Demand for cobalt in batteries within consumer electronics such as laptops and phones will remain low in light of the global economic slowdown the persists. It was noted that worldwide smartphone shipments declined by 9.7% year-on-year in the third quarter of 2022, to 301-million units.
In contrast to EVs, the demand for electronics is projected to recover and increase during the course of the year.
There is also a pivoting preference towards reduced cobalt or cobalt-free battery chemistries is likely, which will drive cobalt prices downward in the future.
Producers are increasingly producing lithium-iron-phosphate (LFP) batteries, which are cobalt-free, safer and less expensive. There is also a push to develop lithium sulphur cathodes, which will further decrease reliance on the Chinese market for supply.
A major driver has been concerns around ethical sourcing of cobalt in the DRC. The new hub for cobalt production is Indonesia, indicated to increase their global contribution from 5% to 20 by 2030.
Lithium has however not escaped the downturn either. Prices of lithium carbonate, the benchmark product, have halved between November 2022 and March 2023. Chinese automaker, Nio, indicated that it foresees lithium prices will quite likely drop to around 200 000 yuan or lower in Q4.
Lithium supply is suggested to be heading for a major increase this year as a wave of expansions and new projects go operational. However, it remains to be seen if these projects will produce as expected in the light of spodumene prices slumping too.
Alternative battery minerals (Alternative battery minerals gain favour)
Active development of battery packs that would use lithium-ion and sodium-ion cells, to supply to the EV market, is happening. Sodium is more abundant and offers potential safety benefits over lithium, it however does not have the same energy density, which at the moment means it will not be able to drive as far as a Li-ion battery pack installed EV.
Sodium-ion batteries can leverage the same manufacturing processes as the lithium-ion industry. This means a notably shorter Research and Development phase and using off-the-shelf equipment to manufacture.
The use of similar materials and components, including electrolytes and separators, to aluminum current collectors, suggests it could also benefit from the existing economies of scale.

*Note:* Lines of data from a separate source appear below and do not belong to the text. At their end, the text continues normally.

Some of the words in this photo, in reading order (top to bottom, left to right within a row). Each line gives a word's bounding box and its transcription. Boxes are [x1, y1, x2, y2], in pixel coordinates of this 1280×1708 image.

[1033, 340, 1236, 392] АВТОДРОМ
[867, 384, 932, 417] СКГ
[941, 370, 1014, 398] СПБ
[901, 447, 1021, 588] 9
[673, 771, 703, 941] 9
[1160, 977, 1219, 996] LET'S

At the moment, Na-ion batteries are more expensive than Li-ion batteries, due to low volumes and underdeveloped supply chains.
The main challenge that would need to be addressed is the lower energy density. This means any vehicle using an Na-ion battery would need heavier batteries for the same amount of kilowatt-hour capacity.
Na-ion batteries at the moment has 25% lower capacity compared to current LFP battery packs. The steep decrease in lithium prices may also impact on the cost benefits of the Na-ion battery packs.
The upside potential however is the potential for material savings and energy-density improvements, halving costs in future.
The major advantages to sodium-ion include a more geographically diverse distribution of raw materials. It is also non-flammable and perform well at low temperatures in contrast to Li-ion batteries.
A prototype has been developed by HiNa Battery Technologies and installed in the JAC Sehol E10X electric car, which has only sodium-ion cells. These cells use sodium-iron-manganese-copper cathodes and have an energy density of 140 watt-hour per kilogram.
The other metal that comes with an expensive price tag is the REE permanent magnets used in EVs. There has also been concerns around environmental and health risks.
China is also the dominant REE producer and in 2020 shocked the market by reducing the volumes of REE being produced and exported.
This led the market to seek alternatives to REE and reduce reliance on commodities that can be most susceptible to excessive price variations. China accounts for around two-thirds of REE mining and 85% of refining of the ore into permanent magnets for the market.
Development of alternative to permanent REE magnets have focused on the production of ferrite magnets, made of iron and mixed with barium and strontium, which both are more widely available globally and cheaper to produce. The downside is that the use of these magnets will come with a weight or efficiency penalty.